Work instruction: Copy each line below as it stands, but skip any picture it contains.

--- Input data Enclosed Below ---

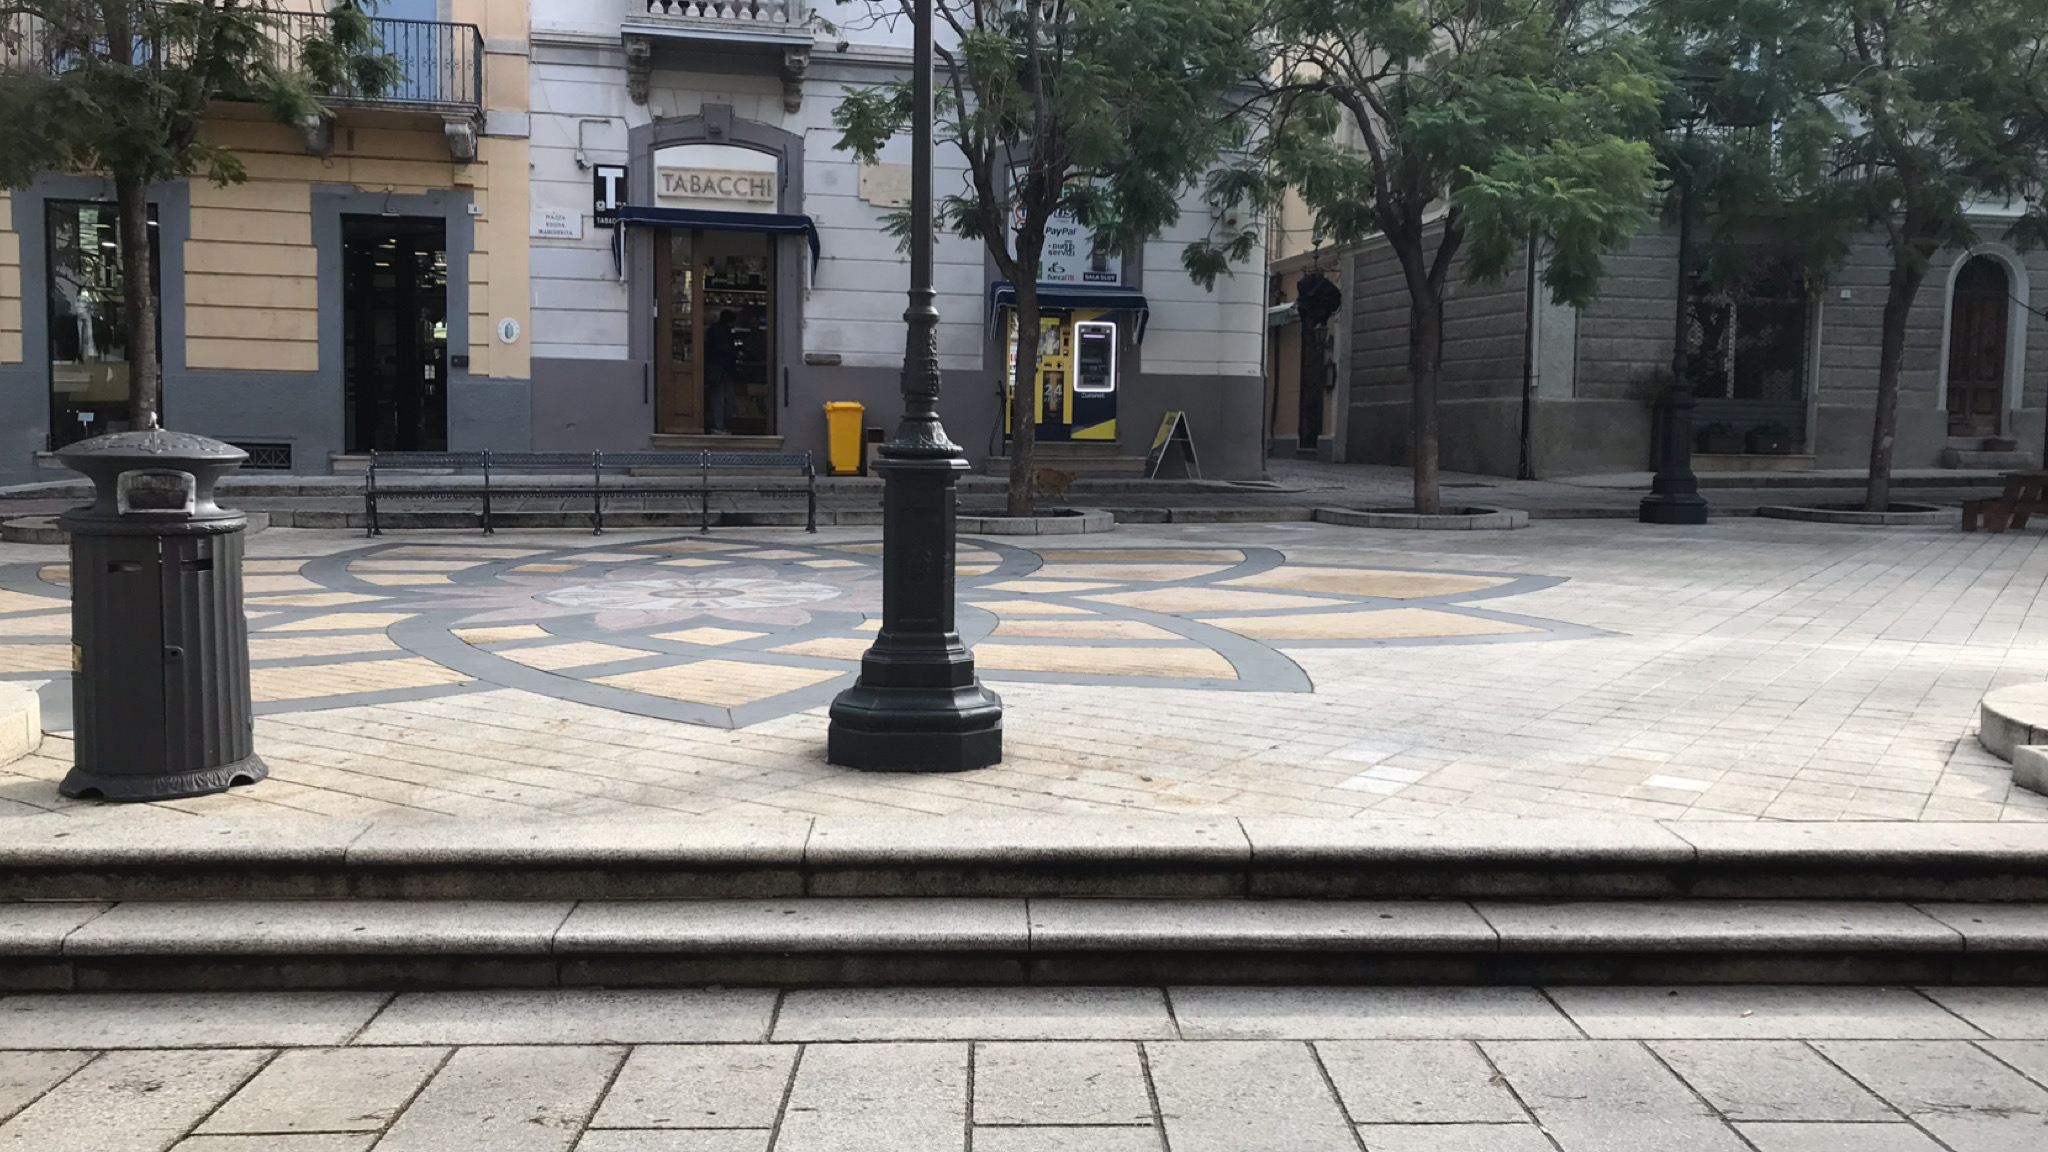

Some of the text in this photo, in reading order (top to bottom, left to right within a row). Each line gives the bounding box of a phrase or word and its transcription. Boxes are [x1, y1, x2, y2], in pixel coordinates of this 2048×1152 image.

[598, 167, 624, 209] T
[661, 173, 772, 197] TABACCHI
[1045, 226, 1076, 237] PayPal
[1044, 384, 1063, 395] 24
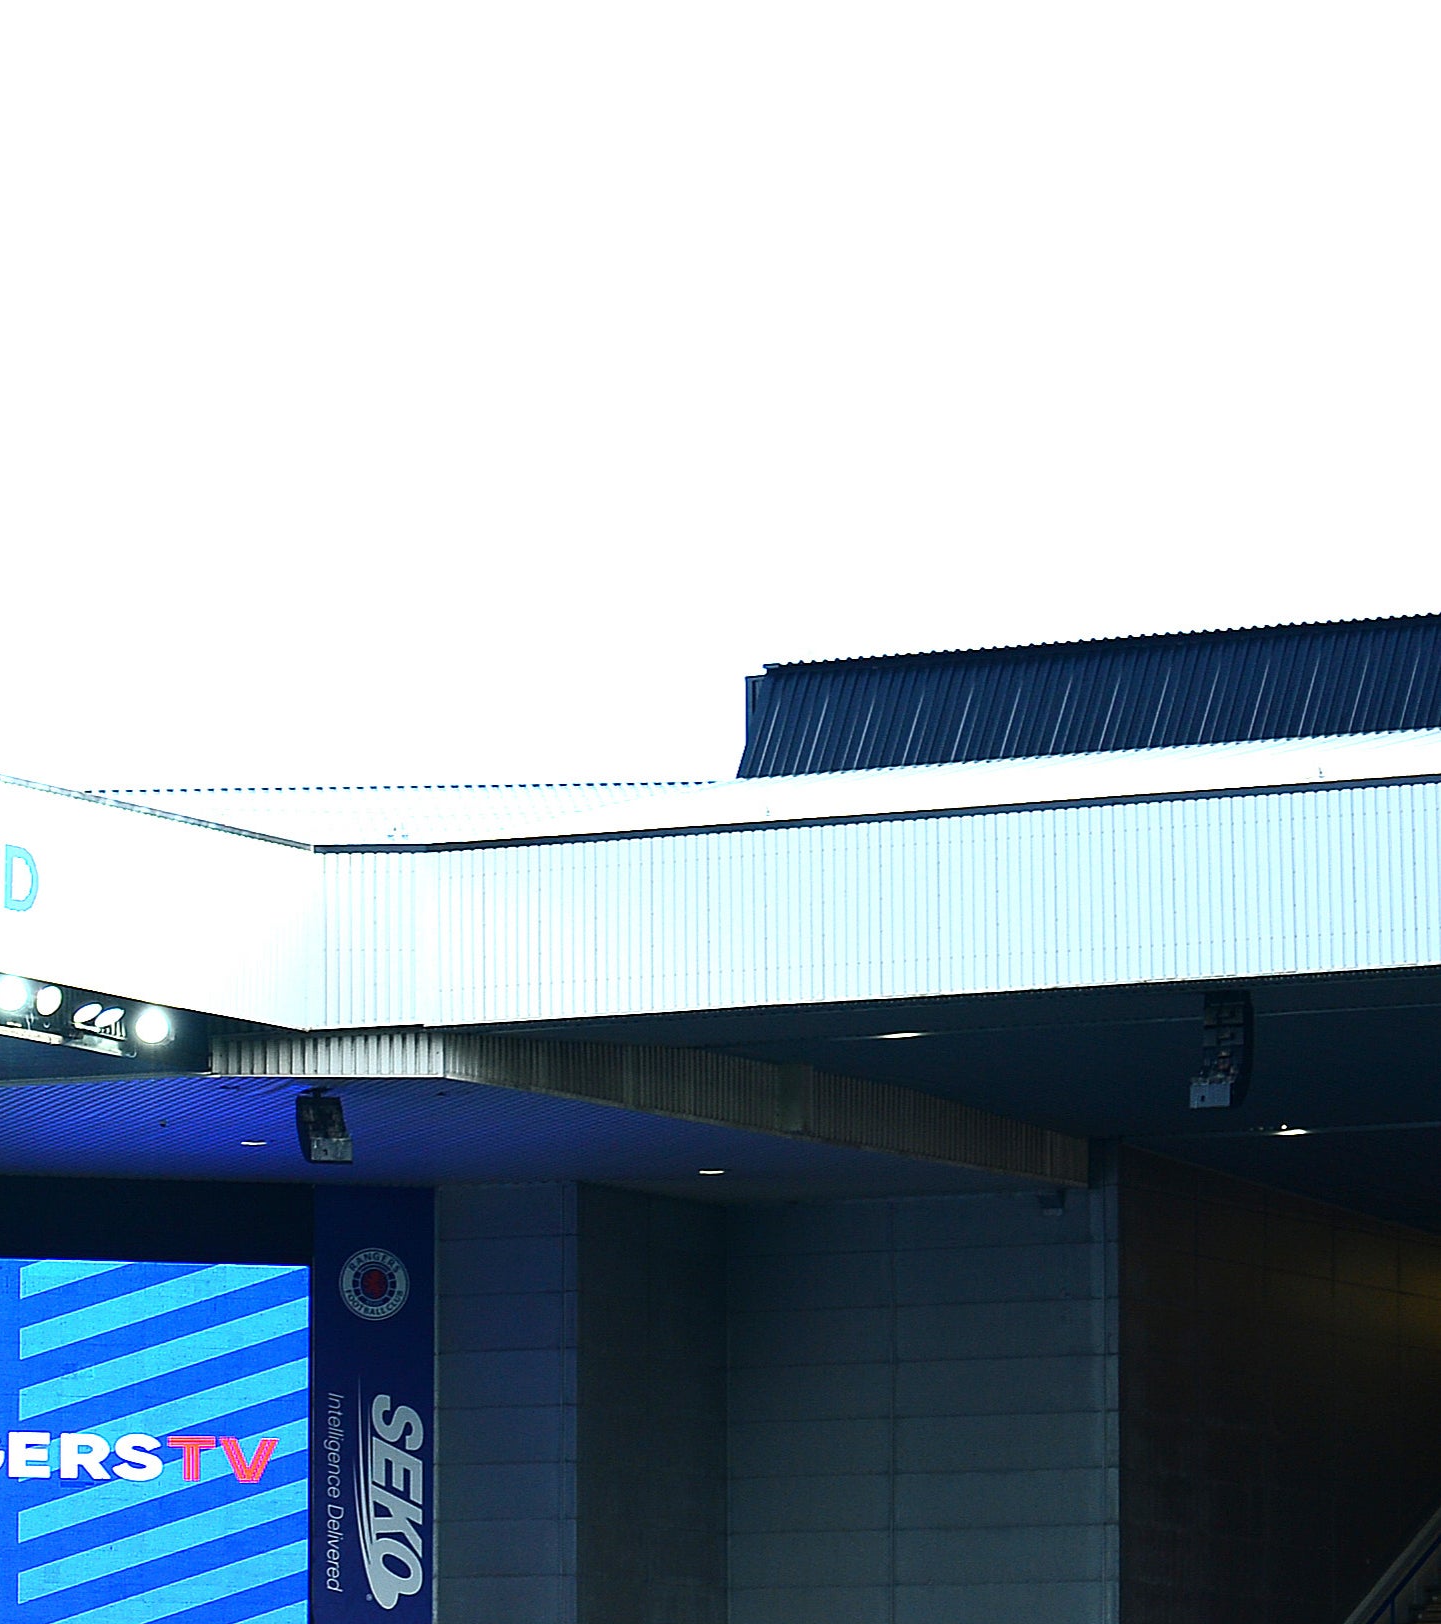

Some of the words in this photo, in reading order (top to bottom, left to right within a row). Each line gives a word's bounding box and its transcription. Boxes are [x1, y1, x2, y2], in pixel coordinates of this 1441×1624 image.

--- End of Enclosed Input data ---

Response:
Some of the text in this photo, in reading order (top to bottom, left to right within a row). Each line gives the bounding box of a phrase or word and its transcription. Boxes are [x1, y1, x2, y2], in pixel coordinates of this 2048×1152 image.

[598, 167, 624, 209] T
[661, 173, 772, 197] TABACCHI
[1045, 226, 1076, 237] PayPal
[1044, 384, 1063, 395] 24

Some of the words in this photo, in reading order (top to bottom, left to right within a row). Each line gives a word's bounding box and its transcription. Boxes are [x1, y1, x2, y2], in pixel coordinates of this 1441×1624 image.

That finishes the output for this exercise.